Nada más entrar, cientos de ojos se volvieron desde el recuerdo hacia mi persona, mientras una docena larga de otras personas rezaban el rosario. No había tiempo, pero no pudo haber prisa durante un rato.
Mi vida retornó, veinticinco años son muchos, tantos como los que a veces hay quien no viva, o quien haga su vida en tanto tiempo. Pero volví. La sensación de familiaridad era la misma, los bancos iguales, las cristaleras son maravillosas, el presbiterio sigue irradiando majestuosidad. El mural de don Jesús luce ahora algo descolorido porque la luz es mucha; antes, con menos luz brillaba más y los tonos azules se resaltaban mejor.Las imágenes me siguen llamando, me siguen diciendo sus cosas, me siguen preguntando por las mías. El confesionario está donde siempre, aunque el que está no sea aquel que todos mis secretos sabía.
Don Luis seguía mayestático con los brazos en su barriga; don Francisco seguía increpando a la gente lo poco que gana un cura; don Olegario me sigue echando a mí la culpa de que la gente no vaya a misa.
Y un falangista da las órdenes en la plaza; y un coro canta aquellas maravillosas canciones de la Transición; y el pueblo está situado en sus lugares habituales; y aquella vez que le juré amor a una chiquilla ante el altar; y los bautizos y las comuniones y las bodas y el adiós a tanta gente conocida, gente que era mi gente.

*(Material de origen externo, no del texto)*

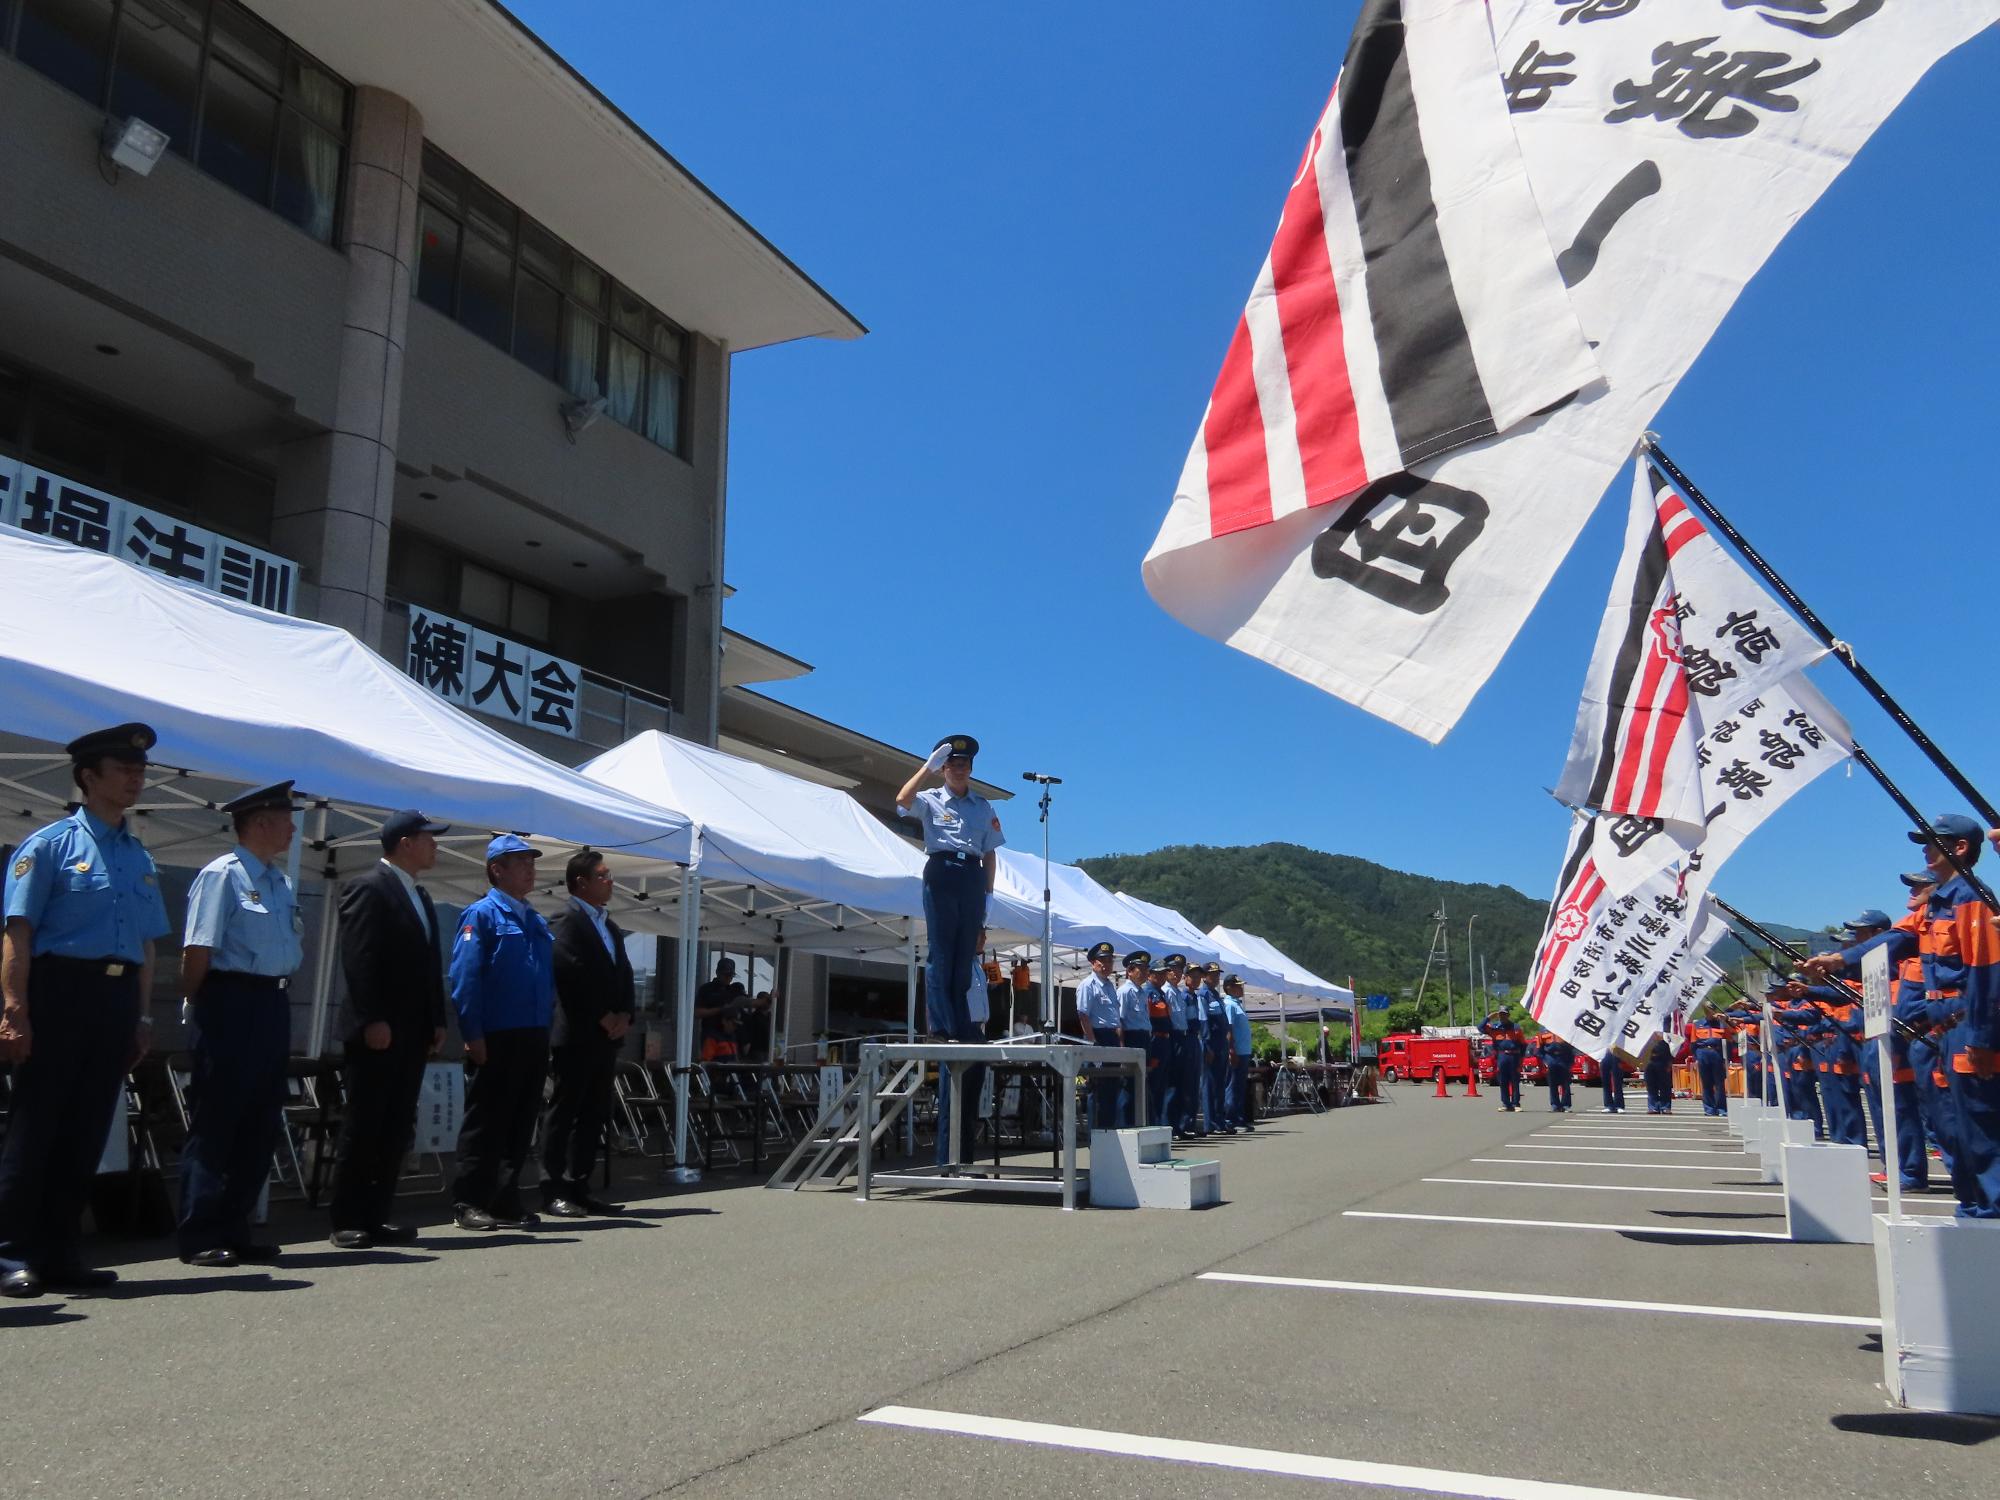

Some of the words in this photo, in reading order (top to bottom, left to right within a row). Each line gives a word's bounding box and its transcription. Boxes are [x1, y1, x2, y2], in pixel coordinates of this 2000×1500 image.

Y el Belén, aquella fantástica parada en el recorrido por mis recuerdos.
El Belén que es un trozo de la maravilla que es la promesa del Adviento. Chispeante, gracioso, bien hecho, detallista, expresivo, cándido, despensa de amor generoso que se ofrece, ese es el Belén, con aquellos recuerdos encima, para que nadie olvide a quien está en el olvido de quienes se creen alguien.
Hoy he estado en Tamaraceite. Quise ir de pasada, no tuve tiempo para más. Pero ya es imposible no volver. A aquella plaza, donde mi hermano metió la cabeza entre los balaustres y casi se hubo de llamar a un albañil para sacarlo de allí. Aquella plaza de tantos cuchicheos y gritos, de ratos robados y alegría regalada.
Hoy estuve en casa. Don Bartolo me miró y me sonrió, casi me olvido de él. Hoy volví a Tamaraceite.